Effects of antiinterleukin 13 therapies in patients with asthma remain inconsistent. Therefore, we aimed to further clarify the efficacy and safety of antiinterleukin 13 therapies in adult asthmatics by a systematic review and meta-analysis.
Randomized controlled trials which reported pulmonary functions, fraction of exhaled nitric oxide (FeNO), Asthma Control Questionnaire (ACQ), rescue use of short-acting-β-agonist (SABA), and rate of asthmatic exacerbation and adverse events were identified in Pubmed, Embase, Medline, Cochrane Central Register of Controlled Trials (CENTRAL), American College of Physician (ACP) Journal Club, and ISI Web of Science, reference lists and by manual searches. Randomized-effect models were used in meta-analysis to calculate pooled mean difference and relative risks (RR).
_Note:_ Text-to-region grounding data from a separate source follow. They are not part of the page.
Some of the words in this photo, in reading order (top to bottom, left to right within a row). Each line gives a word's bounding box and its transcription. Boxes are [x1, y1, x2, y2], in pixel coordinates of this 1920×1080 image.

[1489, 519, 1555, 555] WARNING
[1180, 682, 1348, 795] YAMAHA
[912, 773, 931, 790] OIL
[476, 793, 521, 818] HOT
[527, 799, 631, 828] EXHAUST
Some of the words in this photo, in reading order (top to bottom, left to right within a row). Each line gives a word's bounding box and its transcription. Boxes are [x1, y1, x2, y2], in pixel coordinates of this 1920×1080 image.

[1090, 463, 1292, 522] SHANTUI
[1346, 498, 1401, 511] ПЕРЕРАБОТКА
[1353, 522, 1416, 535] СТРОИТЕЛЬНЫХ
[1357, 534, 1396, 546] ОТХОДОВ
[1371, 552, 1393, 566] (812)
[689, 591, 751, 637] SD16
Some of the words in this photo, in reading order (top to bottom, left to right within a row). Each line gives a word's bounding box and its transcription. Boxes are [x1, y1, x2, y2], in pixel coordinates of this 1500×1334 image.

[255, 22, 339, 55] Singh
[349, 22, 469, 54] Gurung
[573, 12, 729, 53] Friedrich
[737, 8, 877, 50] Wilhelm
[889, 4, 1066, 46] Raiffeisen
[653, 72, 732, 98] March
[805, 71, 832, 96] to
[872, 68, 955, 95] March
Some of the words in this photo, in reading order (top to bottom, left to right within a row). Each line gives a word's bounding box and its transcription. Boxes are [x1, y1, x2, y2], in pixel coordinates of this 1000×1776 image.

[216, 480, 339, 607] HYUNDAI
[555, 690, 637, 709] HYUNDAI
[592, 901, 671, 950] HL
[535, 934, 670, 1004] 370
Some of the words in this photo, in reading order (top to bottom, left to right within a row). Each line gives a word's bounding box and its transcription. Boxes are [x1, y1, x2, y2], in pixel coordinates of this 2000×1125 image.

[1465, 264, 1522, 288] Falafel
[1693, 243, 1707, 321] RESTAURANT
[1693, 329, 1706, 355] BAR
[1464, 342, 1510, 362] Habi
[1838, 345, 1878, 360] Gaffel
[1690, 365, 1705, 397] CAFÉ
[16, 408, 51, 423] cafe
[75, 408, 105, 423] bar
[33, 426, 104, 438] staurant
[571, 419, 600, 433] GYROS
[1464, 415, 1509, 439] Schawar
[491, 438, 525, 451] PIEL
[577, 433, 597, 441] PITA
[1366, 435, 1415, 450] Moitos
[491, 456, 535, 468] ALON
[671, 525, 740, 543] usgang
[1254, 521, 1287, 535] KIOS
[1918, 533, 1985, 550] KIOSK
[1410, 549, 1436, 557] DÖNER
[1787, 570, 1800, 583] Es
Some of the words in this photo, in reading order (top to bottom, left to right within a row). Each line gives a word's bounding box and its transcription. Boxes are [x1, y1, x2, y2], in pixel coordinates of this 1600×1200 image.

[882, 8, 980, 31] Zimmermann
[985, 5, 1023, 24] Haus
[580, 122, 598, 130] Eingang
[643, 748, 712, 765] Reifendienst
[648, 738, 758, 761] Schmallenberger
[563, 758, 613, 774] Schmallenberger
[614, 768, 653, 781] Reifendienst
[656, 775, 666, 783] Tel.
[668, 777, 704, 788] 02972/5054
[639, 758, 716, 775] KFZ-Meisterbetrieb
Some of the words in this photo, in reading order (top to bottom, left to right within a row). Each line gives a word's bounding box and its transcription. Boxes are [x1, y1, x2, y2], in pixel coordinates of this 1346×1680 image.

Eight studies with 957 patients were enrolled. Systematic review showed that treatment with antiinterleukin 13 antibodies could significantly improve peak expiratory flow (PEF), decrease FeNO and asthmatic exacerbation, but could not decrease blood and sputum eosinophil levels, improve FEV1, inhibit methacholine PC20, or reduce ACQ scores. Two studies reported opposite results in reducing rescue use of SABA. Meta-analysis showed that antiinterleukin 13 monoclonal therapies could significantly decrease asthmatic exacerbation (RR 0.55, 95% CI: 0.31–0.96, z = 2.10, P = 0.04), but did not significantly improve the FEV1 (95% CI: −1.03 to 2.22, z = 0.72, P = 0.47) or increasing adverse events (RR 1.00, 95% CI: 0.91–1.10, z = 0.00, P = 1.00).
Antiinterleukin 13 monoclonal therapies could be safely used to improve PEF, decrease FeNO and asthmatic exacerbation, and probably reduce rescue use of SABA, but could not decrease blood and sputum eosinophil levels, improve FEV1, inhibit methacholine PC20, or reduce ACQ scores.